Images for object localization
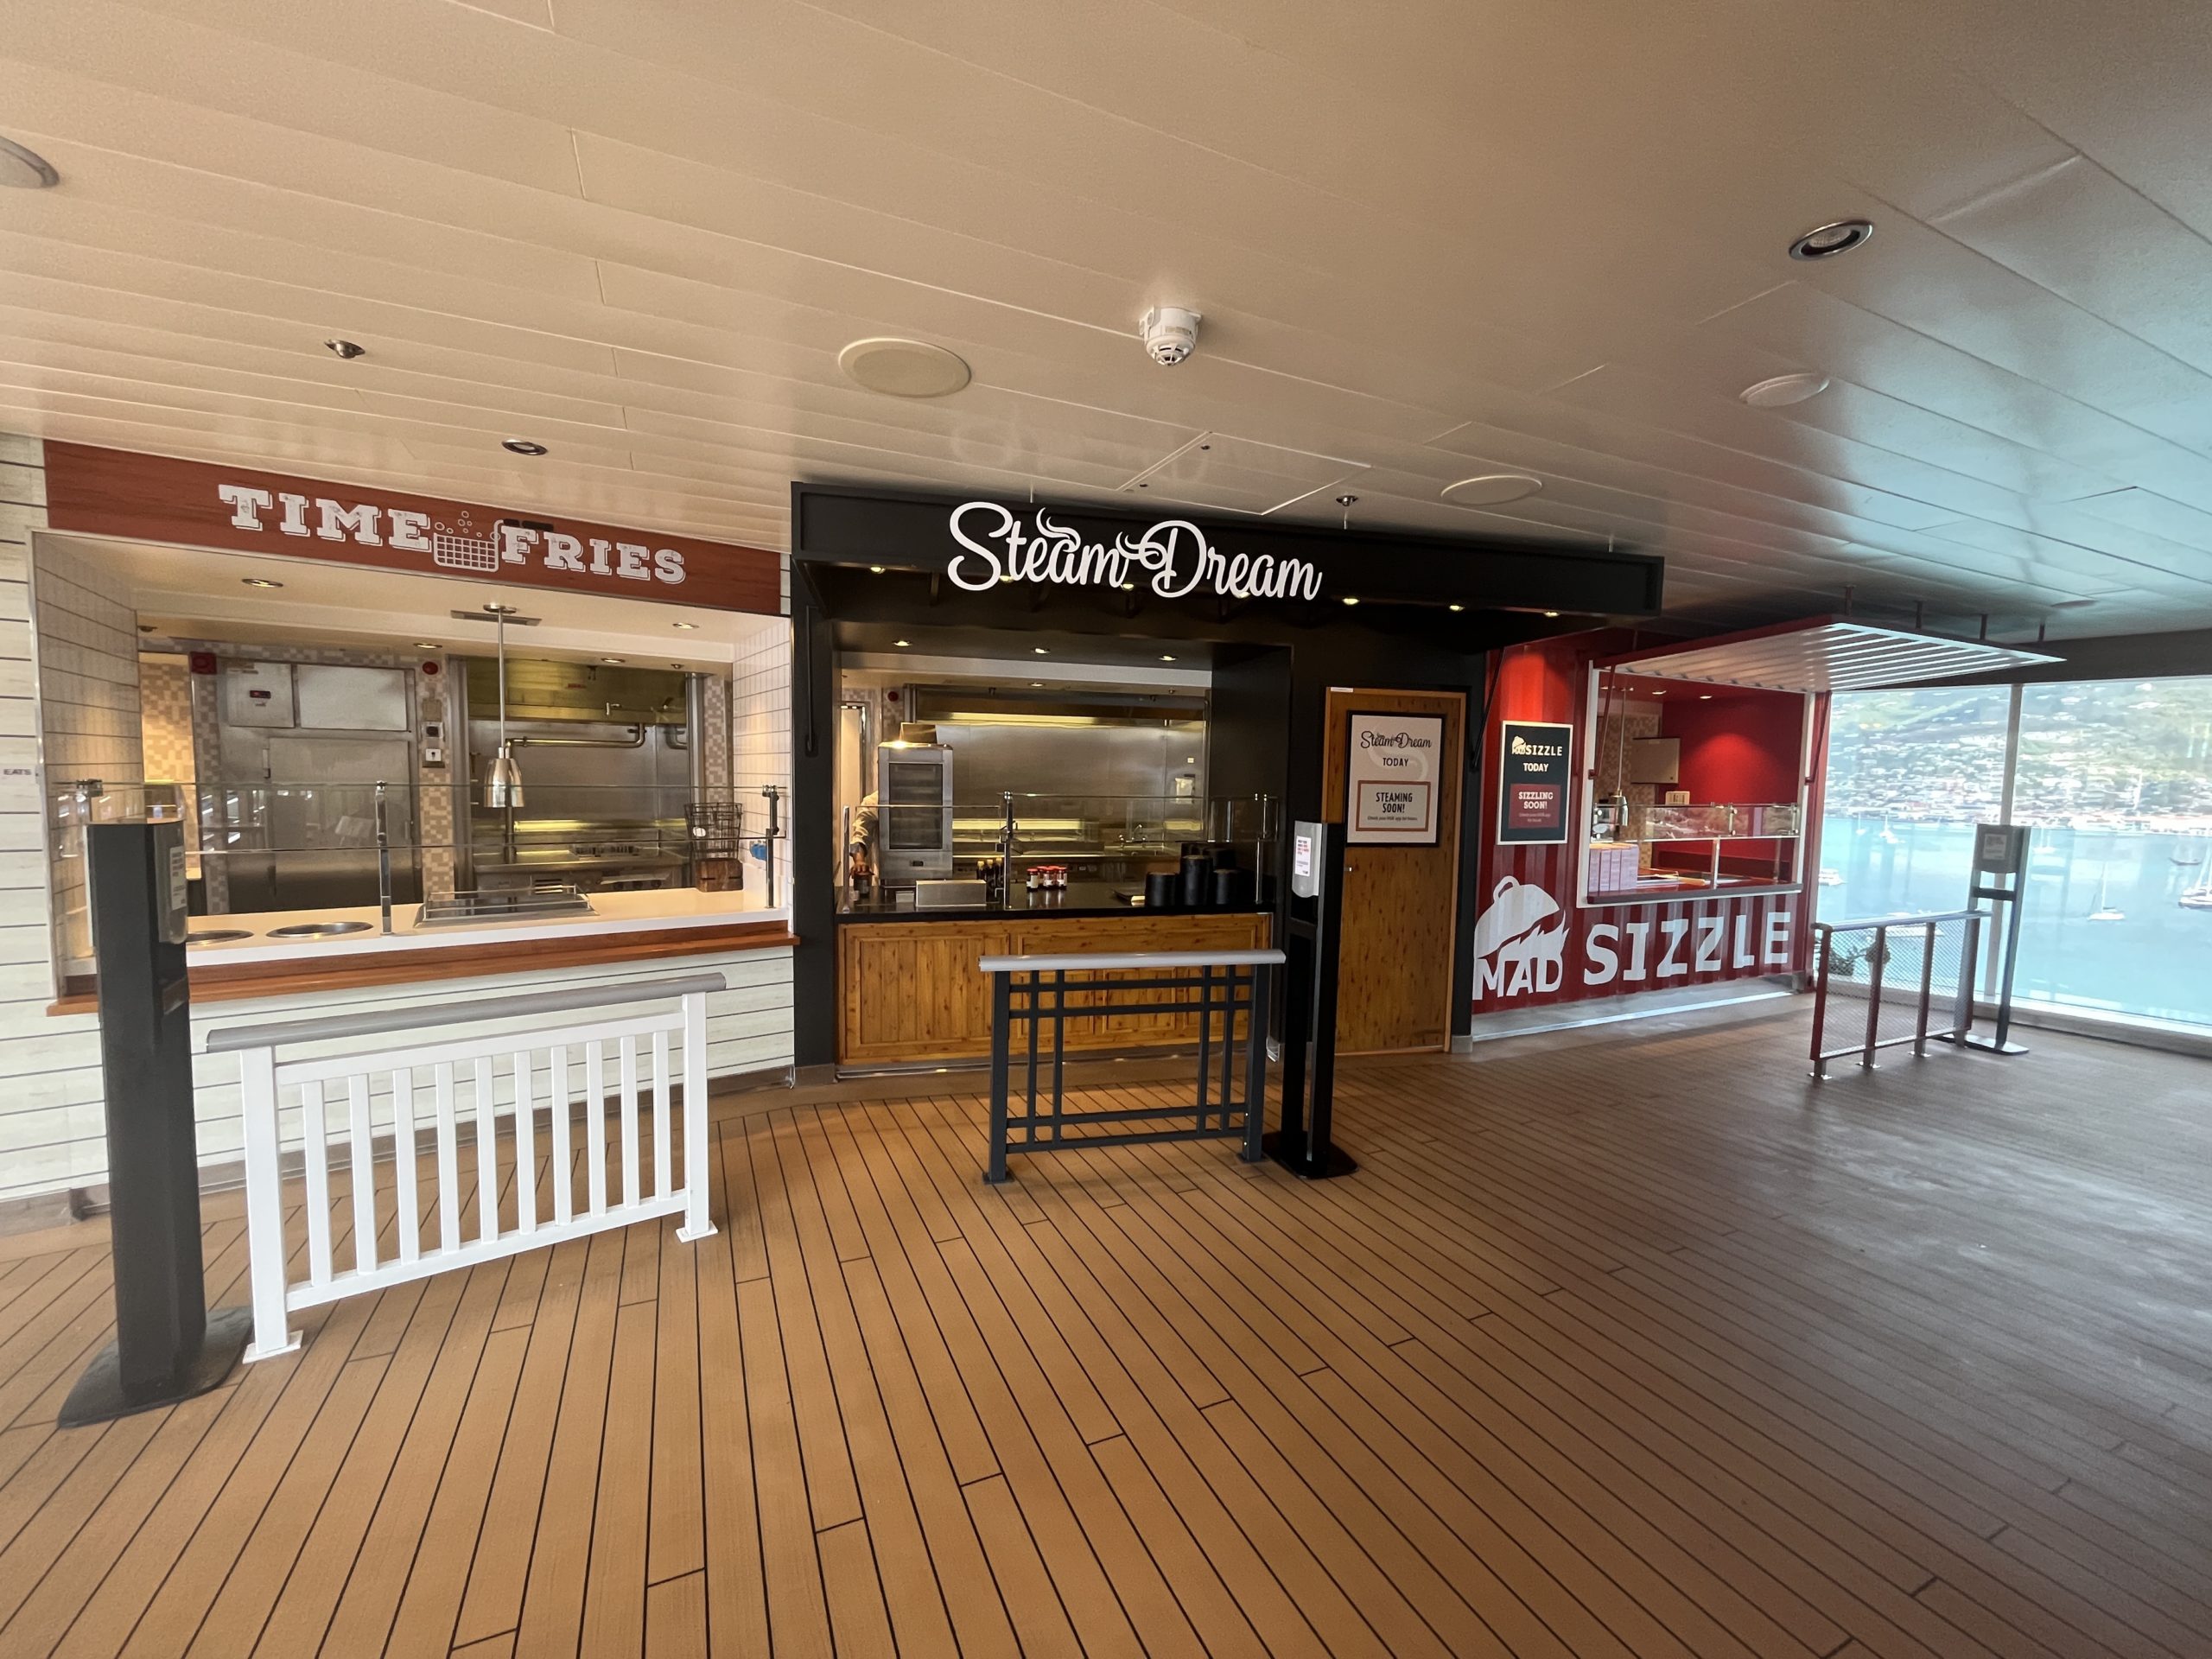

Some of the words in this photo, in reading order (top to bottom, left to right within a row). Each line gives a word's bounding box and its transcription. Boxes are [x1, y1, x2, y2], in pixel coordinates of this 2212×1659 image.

[219, 484, 432, 553] TIME
[500, 525, 686, 583] FRIES
[948, 501, 1128, 591] Steam
[1117, 520, 1322, 601] Dream
[1360, 730, 1394, 749] Steam
[1394, 732, 1432, 749] Dream
[1526, 744, 1563, 756] SIZZLE
[1382, 757, 1408, 767] TODAY
[1522, 762, 1549, 772] TODAY
[1376, 791, 1413, 803] STEAMING
[1518, 791, 1554, 800] SIZZLING
[1382, 803, 1405, 813] SOON!
[1523, 801, 1548, 810] SOON!
[1472, 957, 1563, 1001] MAD
[1584, 912, 1791, 986] SIZZLE
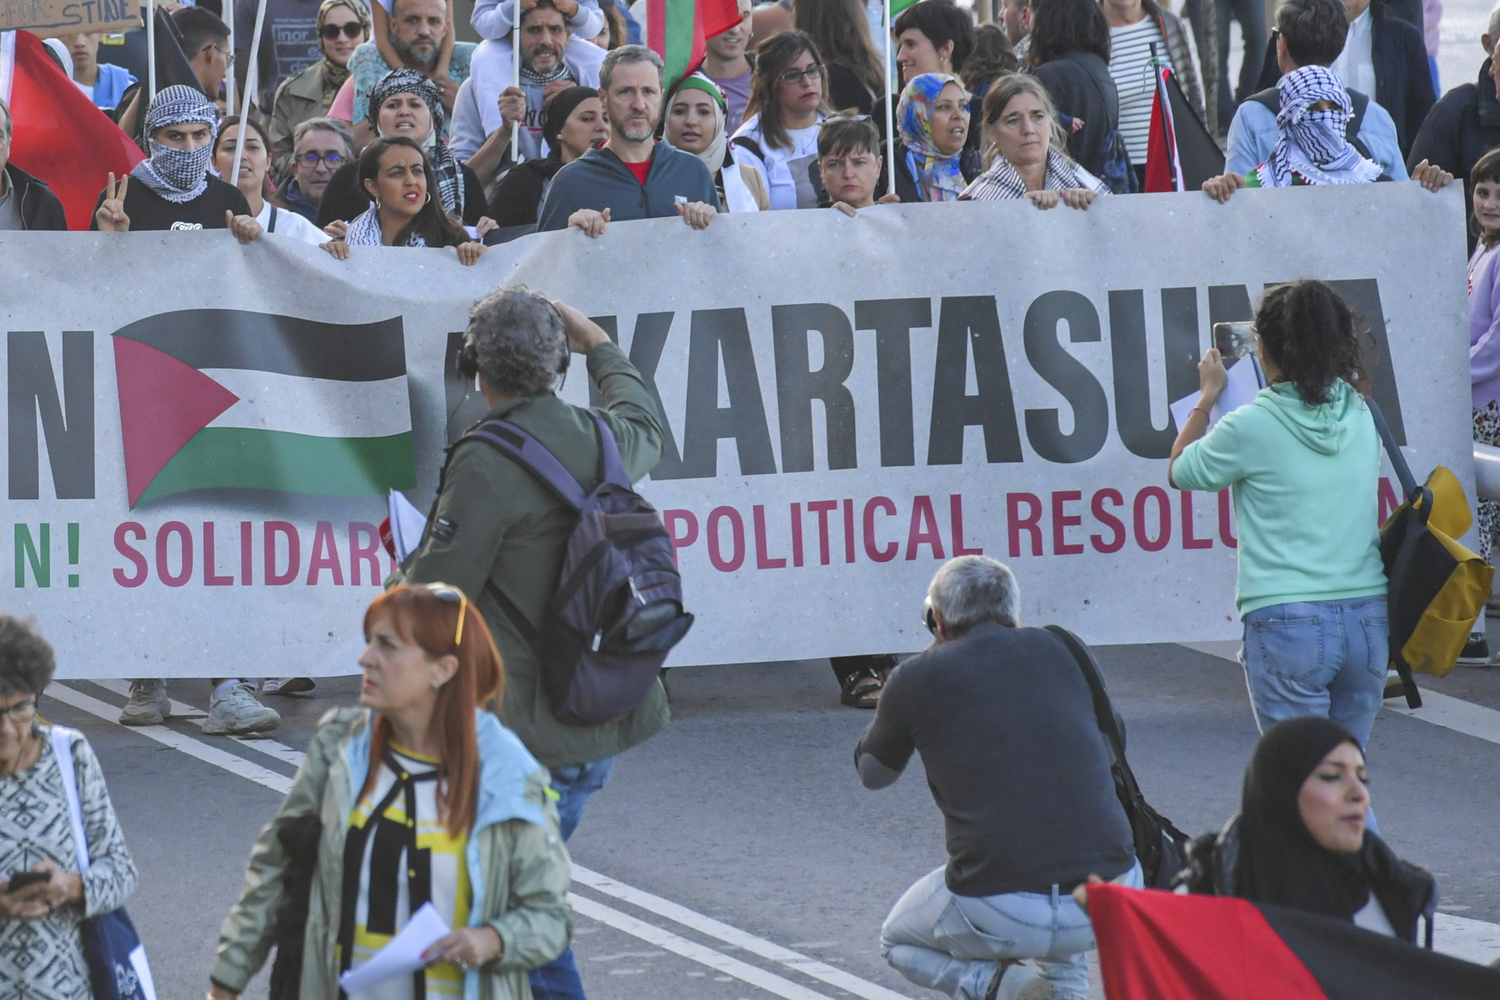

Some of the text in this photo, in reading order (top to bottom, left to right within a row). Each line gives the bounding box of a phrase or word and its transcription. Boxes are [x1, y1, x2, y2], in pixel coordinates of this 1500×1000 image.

[444, 278, 1408, 481] KARTASUA
[112, 519, 398, 588] SOLIDAR
[663, 493, 984, 573] POLITICAL
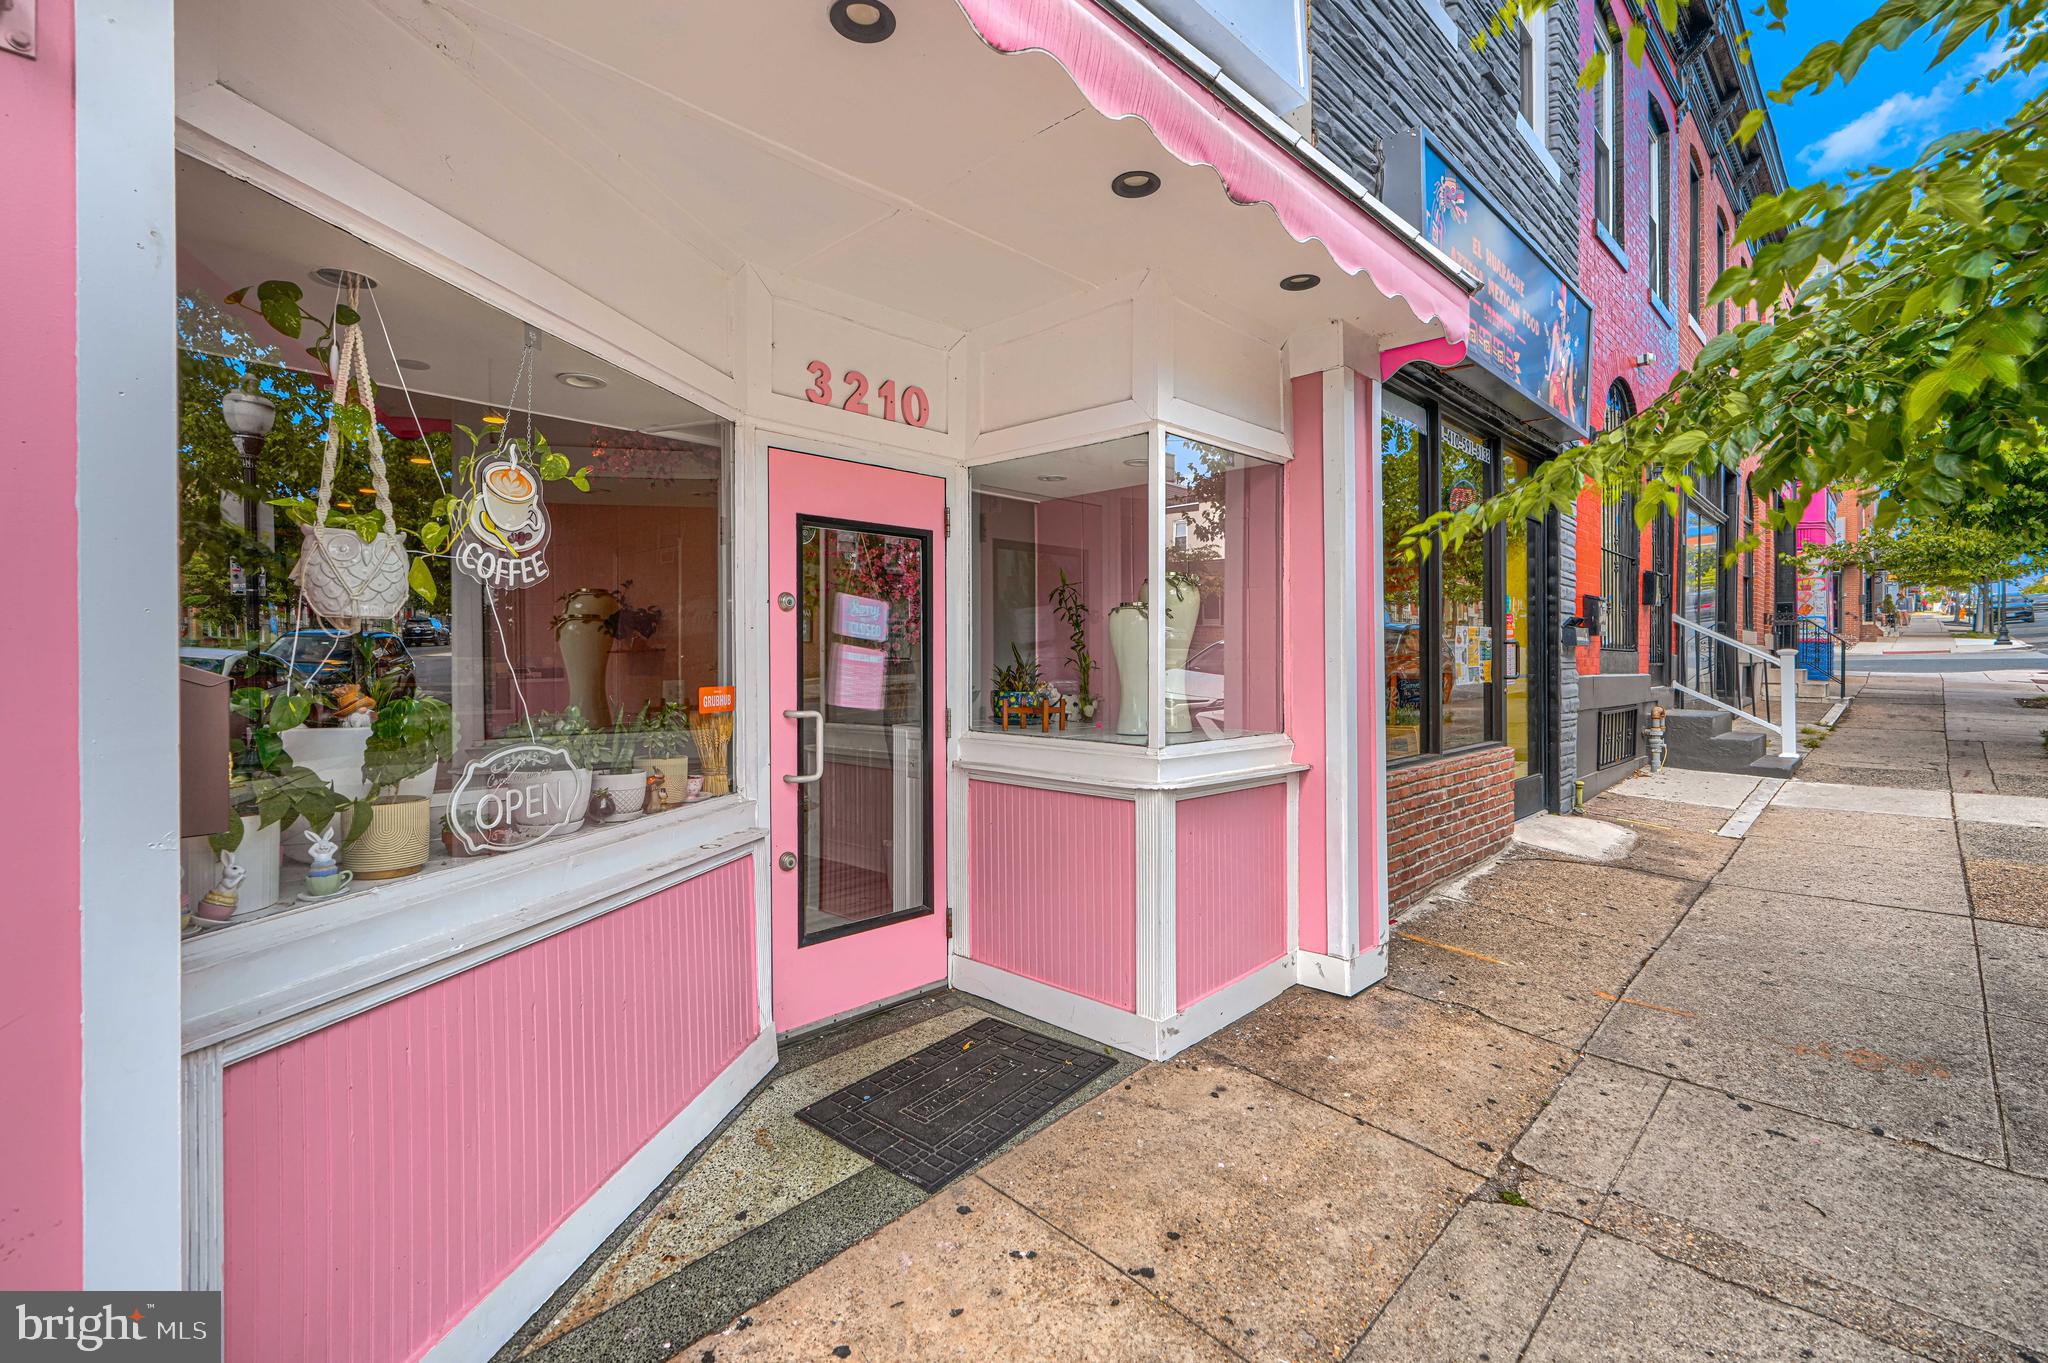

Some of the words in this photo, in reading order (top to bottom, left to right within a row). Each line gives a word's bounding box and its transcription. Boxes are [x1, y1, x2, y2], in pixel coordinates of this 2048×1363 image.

[1472, 236, 1482, 259] EL
[1488, 279, 1520, 319] MEXICAN
[1522, 309, 1540, 337] FOOD
[805, 360, 930, 428] 3210
[462, 543, 548, 587] COFFEE
[703, 694, 732, 708] GRUBHUB
[477, 780, 562, 829] OPEN

WORK INSTRUCTION:
Only the lines from the line containing "Some of the text" through the last line of the entries above should be reproduced, word for word and without pictures.

OUTPUT BELOW:
Some of the text in this photo, in reading order (top to bottom, left to right within a row). Each line gives the bounding box of a phrase or word and its transcription. Boxes are [x1, y1, x2, y2], in pixel coordinates of this 1500×1000 image.

[444, 278, 1408, 481] KARTASUA
[112, 519, 398, 588] SOLIDAR
[663, 493, 984, 573] POLITICAL

Some of the words in this photo, in reading order (top to bottom, left to right within a row). Each line gives a word's bounding box and its transcription. Boxes are [x1, y1, x2, y2], in pixel coordinates of this 2048×1363 image.

[1472, 236, 1482, 259] EL
[1488, 279, 1520, 319] MEXICAN
[1522, 309, 1540, 337] FOOD
[805, 360, 930, 428] 3210
[462, 543, 548, 587] COFFEE
[703, 694, 732, 708] GRUBHUB
[477, 780, 562, 829] OPEN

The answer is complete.